David Lipton is a man of firm convictions -- particularly regarding himself and the role he plays. He consistently comes across as a man deeply pursuaded of his own importance; self-doubt is not an emotion he is overly familiar with. During past visits to Berlin, the American has demonstrated a fondness for presumptuous rhetoric and a pedantic tone when instructing his hosts about their shortcomings.

Germany's budget and trade surpluses are too high, he used to insist, and Berlin invests too little. The country should likewise show a little more generosity toward Greece, pressing less for austerity and forgiving more debt, says Lipton, who is, after Christine Lagarde, the No. 2 figure at the International Monetary Fund (IMF).

Recently, the deputy IMF head was once again in Berlin. But this time, the people he met with -- government representatives and parliamentarians -- were introduced to a whole new side of Lipton. "He was friendly, attentive and thoughtful," one participant reported after a meeting.

There is a reason for the shift. And he has a name: Donald Trump.

The world has become an unsettled place since the new American president took office -- not just for Lipton, but for the entire IMF. No, he told his hosts, rising prices for commodities aren't the greatest risk for the global economy, and neither are financial or currency crises. The true threat is that of a "geopolitical recession," the American told them. The reference is to political developments like Brexit, but even more to populist economic policies from the new U.S. government that call for the erection of trade barriers and could throw the global economy off track.

Justified Worries

Lipton's reservations transcend party lines and animosities. Sure, the deputy IMF head may have Democratic Party leanings; he was appointed to his post by the Obama administration.

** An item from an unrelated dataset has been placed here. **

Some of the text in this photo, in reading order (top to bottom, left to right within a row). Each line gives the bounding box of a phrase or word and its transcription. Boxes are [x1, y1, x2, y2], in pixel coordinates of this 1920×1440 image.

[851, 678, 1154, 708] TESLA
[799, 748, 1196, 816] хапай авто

And as a high-ranking employee for many years in the U.S. Treasury Department, he counts among the political elite that Republican President Trump is now waging war against.

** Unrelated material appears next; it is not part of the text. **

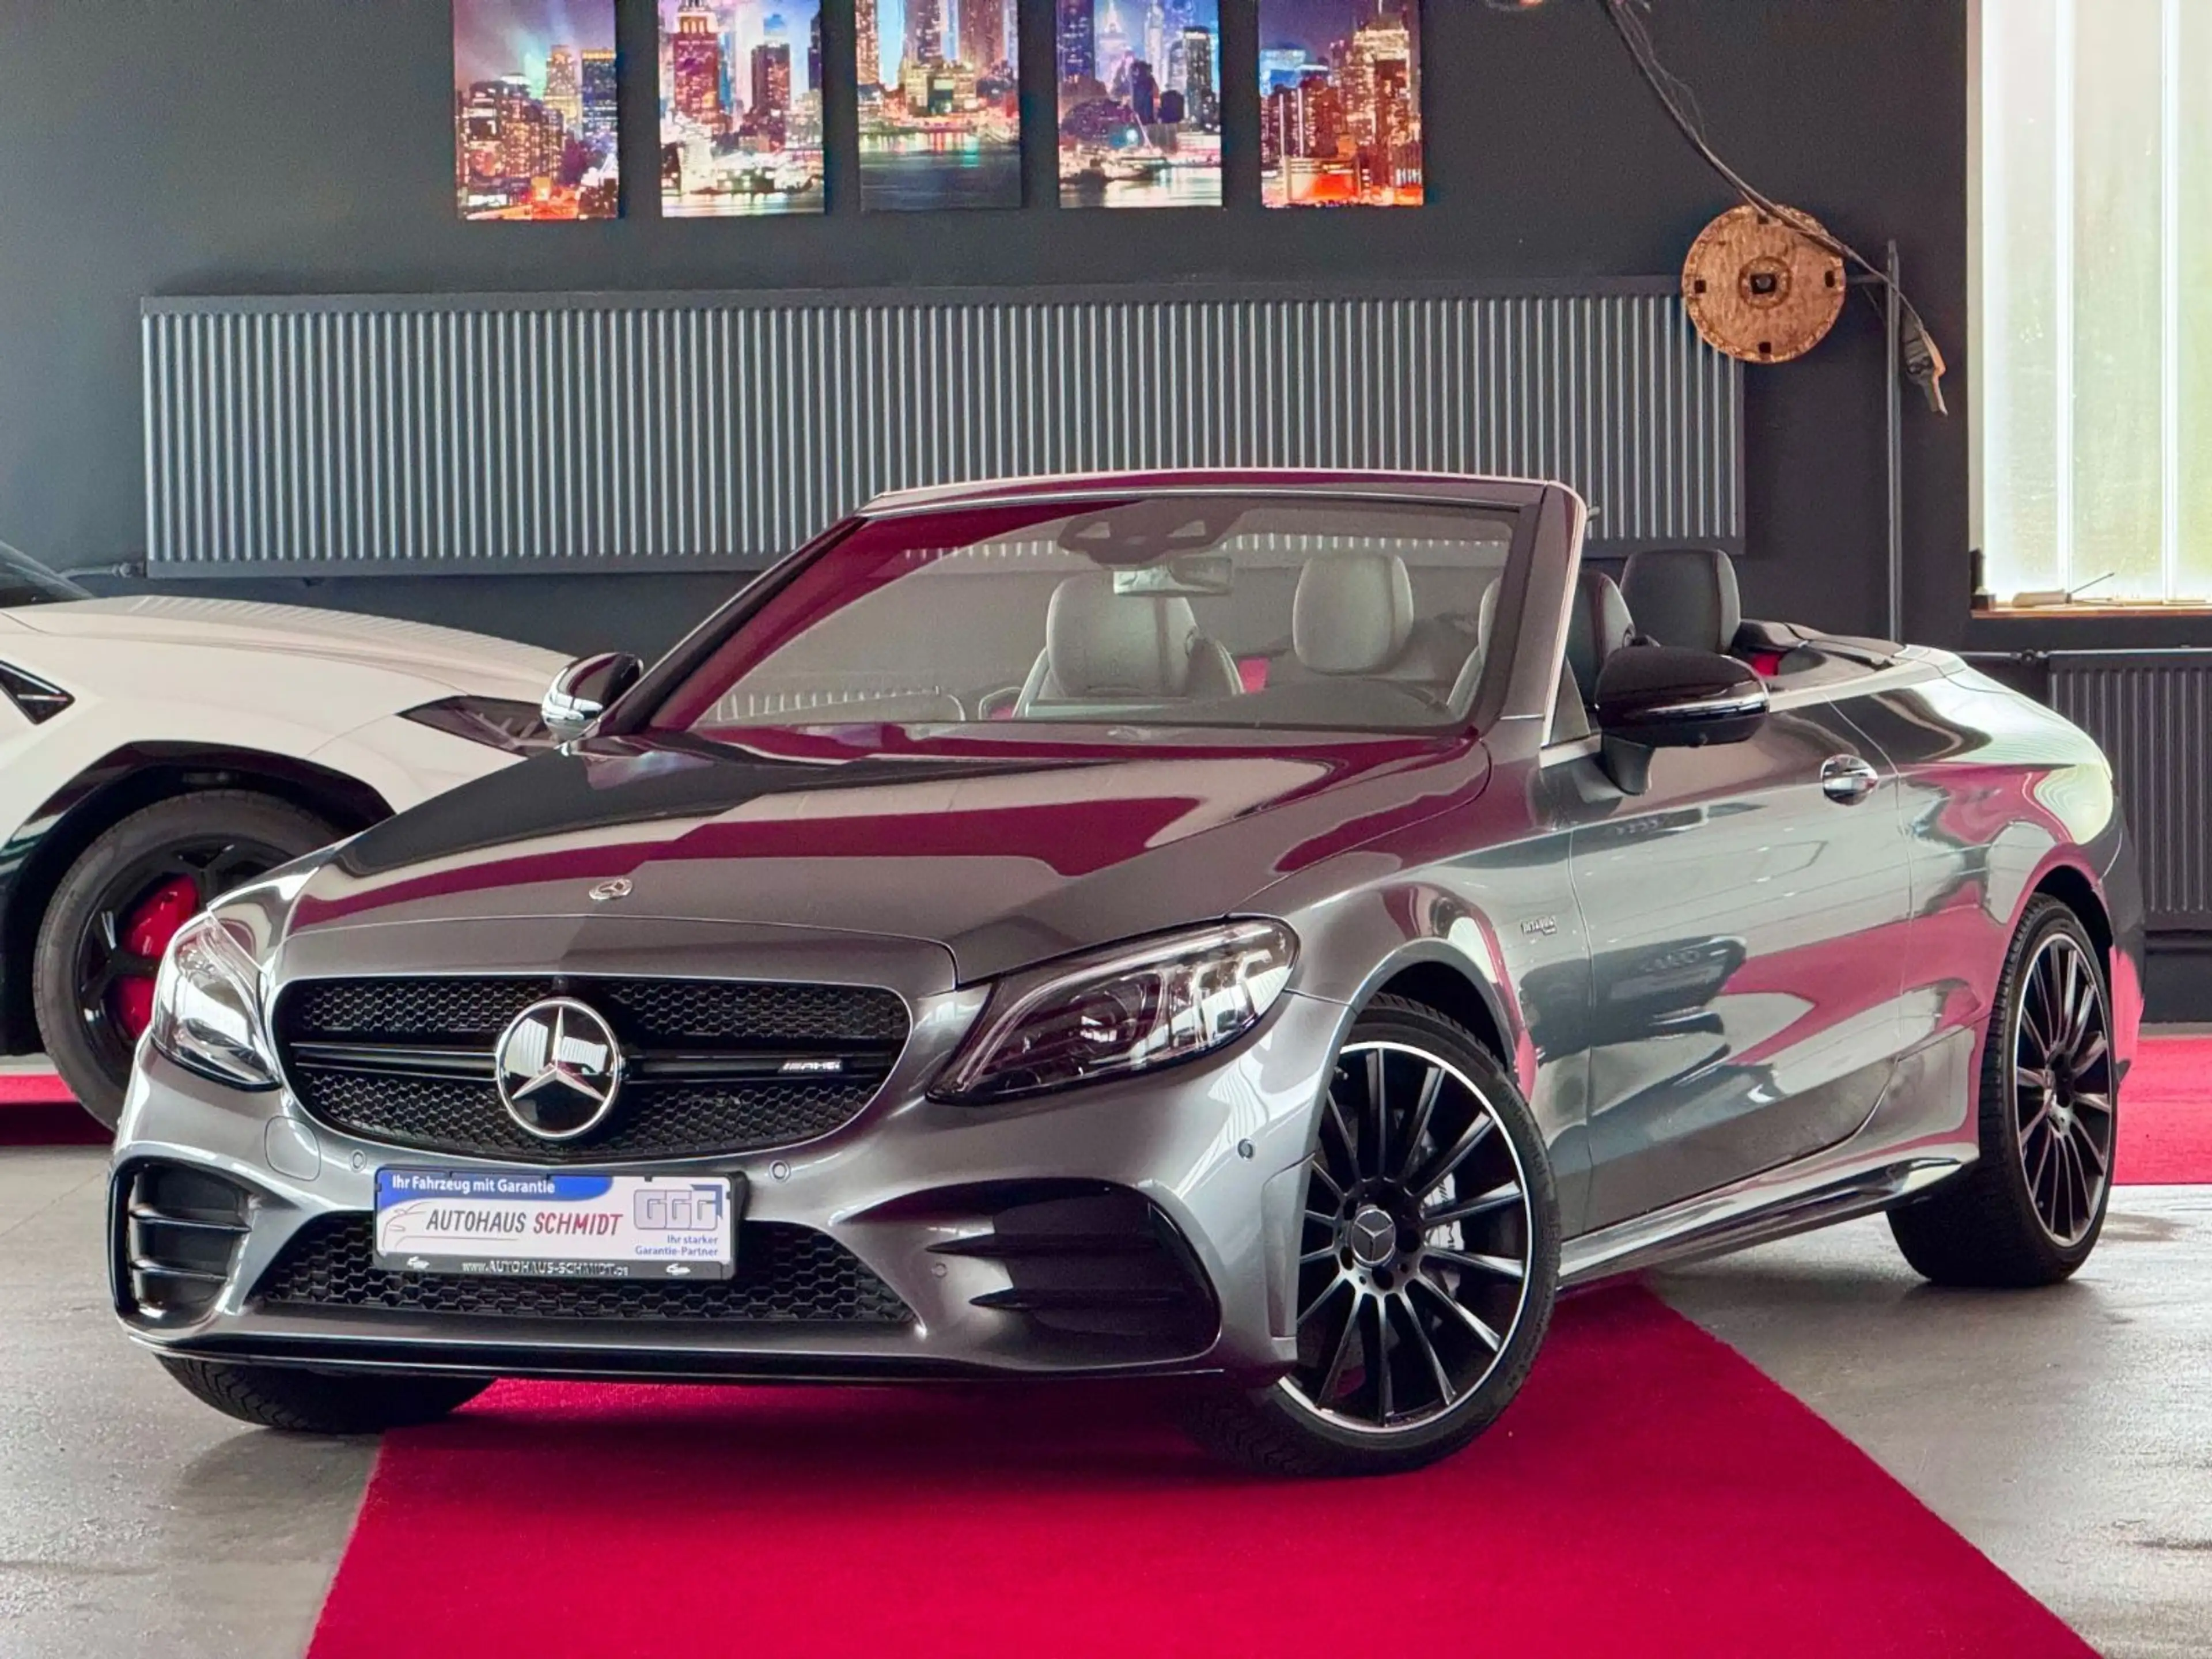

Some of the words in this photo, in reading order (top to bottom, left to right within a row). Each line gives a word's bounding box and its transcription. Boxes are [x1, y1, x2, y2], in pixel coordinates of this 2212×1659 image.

But the worries harbored by the finance professional are in no way unjustified given that Trump and his team have placed a question mark over just about everything the IMF has stood for in its 70 years of existence: the benefits of free trade, open and liberalized markets and, not least, international solidarity when a country runs into financial difficulties.

The new American government, by contrast, is placing its emphasis on isolation, import barriers and the one-sided assertion of its own interests. During his inaugural address, Trump sang a hymn to unilateral economic policies. "Protection will lead to great prosperity and strength," he said.

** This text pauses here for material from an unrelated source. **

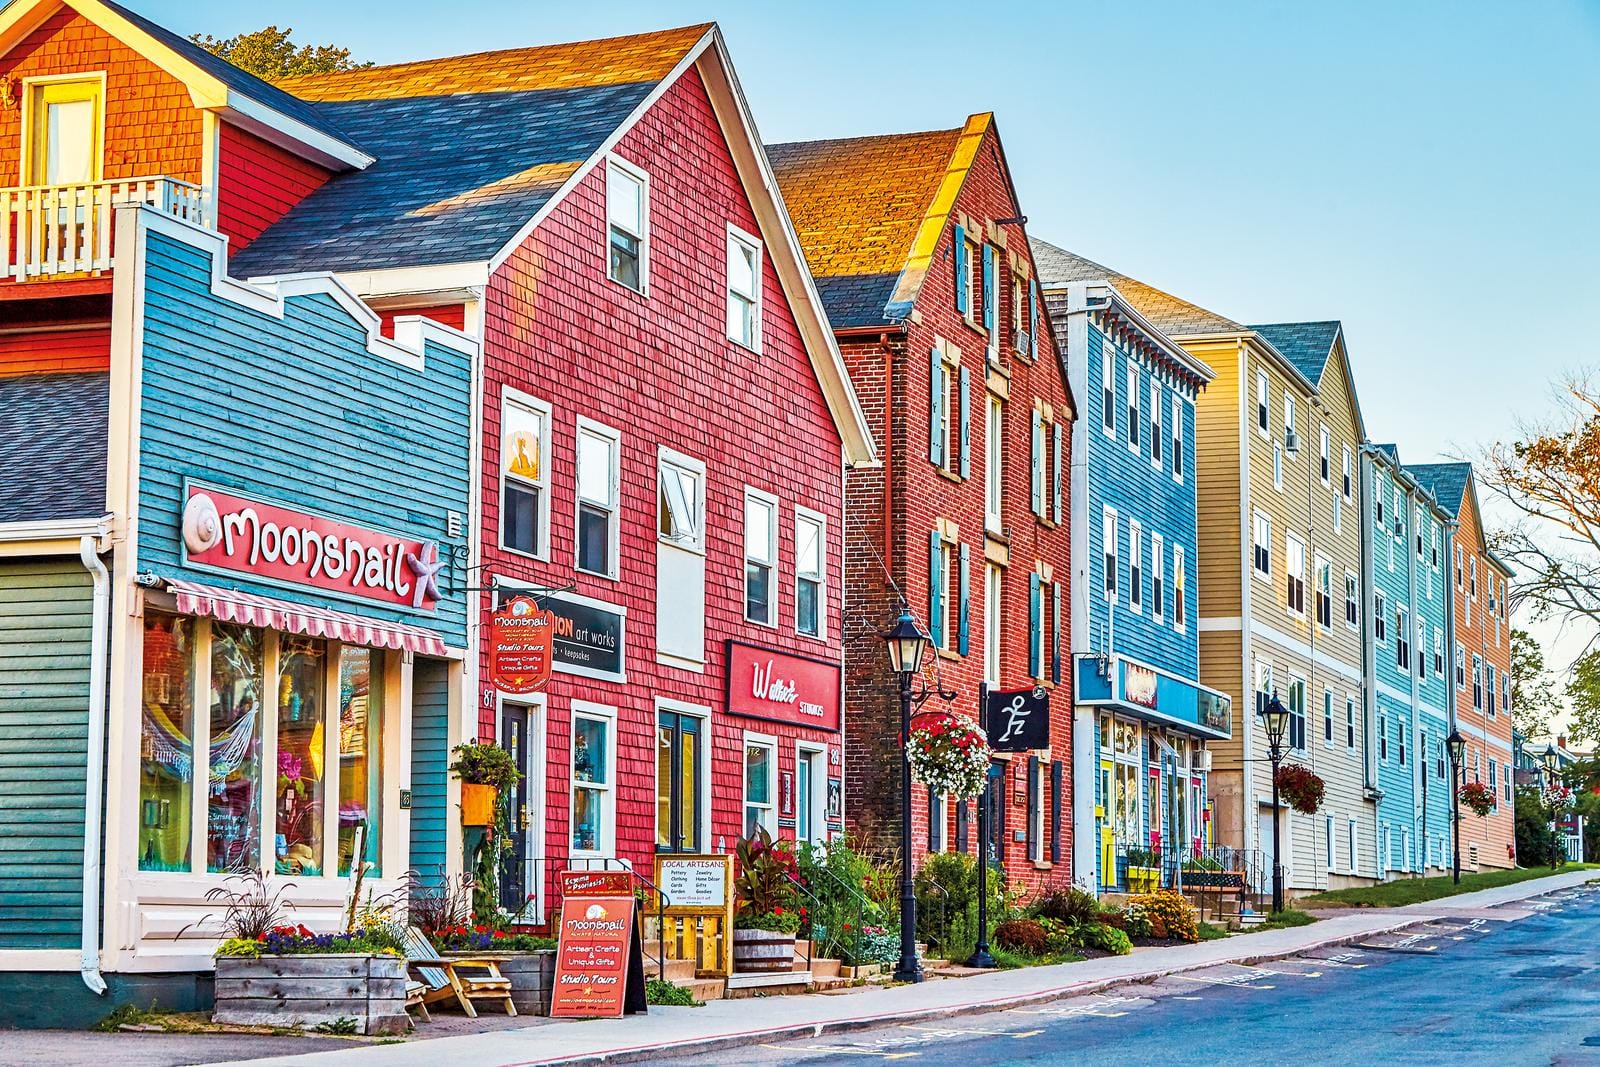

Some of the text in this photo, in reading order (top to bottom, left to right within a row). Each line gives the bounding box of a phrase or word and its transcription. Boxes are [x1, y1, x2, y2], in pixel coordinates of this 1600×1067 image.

The real-estate mogul appears to be alone in his analysis. If he were right, then North Korea would be an economically powerful land of plenty.

The fact is that Trump's market nationalism stands in stark contrast to the vast majority of economic theory over the past 250 years. In particualar, it clashes with the fate of similar policies put in place in the early 1930s. The retreat from free trade merely exacerbated the raging Great Depression.

Prosperity shrank dramatically and millions of workers in Western countries lined up at unemployment centers and soup kitchens.

Ego Trip

The week before last, the White House newbie and his team offered a preview of how serious they are about their economic policy ego trip. During her visit to Washington, Trump told German Chancellor Angela Merkel he wanted "fair trade" and complained that the U.S. had been taken for a ride with previous agreements.

His treasury secretary Steven Mnuchin issued the same complaints, verbatim and at the same time, during a meeting of G-20 member states in Baden-Baden, Germany. True to his mandate, he also prevented the inclusion of the pledge against protectionism that had always been part of such closing statements in past.

Trump and his team seem to be emitting an astoundingly un-American sense of self-pity, presenting the world's last remaining super power as global trade's loser. This, however, overlooks the fact that the United States itself is largely responsible for globalization and opened up markets around the world for its companies and products. Earlier administrations had few inhibitions when it came to using their influence within international organizations like the IMF or the Organization for Economic Cooperation and Development (OECD), which spent decades preaching the gospel of open markets for goods and services. The U.S. is the largest contributor to the budgets of both organizations and it can also easily block important resolutions. It is extremely difficult for other countries within the organizations to successfully challenge the will of the Americans.

Today, though, American economic expansionism has given way to whiny victimization. No one knows for how long the self-centered hegemon is prepared to continue working with international organizations, for how long the U.S. will continue to participate in bodies like the G-7 group of Western industrialized nations or even the G-20.

Pressure for Greater German Leadership

Lipton and Lagarde view Washington's new political direction as no less than an attack on global economic peace. To save what can be saved, both are now looking to Germany of all countries.

As Lipton attended appointments in German parliament and the Finance Ministry, IWF head Lagarde paid a courtesy visit to Chancellor Merkel. Both came to Berlin with the same message: The Germans need to assume a greater leadership role in Europe. They need to fill the vacuum the Americans are leaving in their wake -- at the IMF, but also within the G-7 and the G-20.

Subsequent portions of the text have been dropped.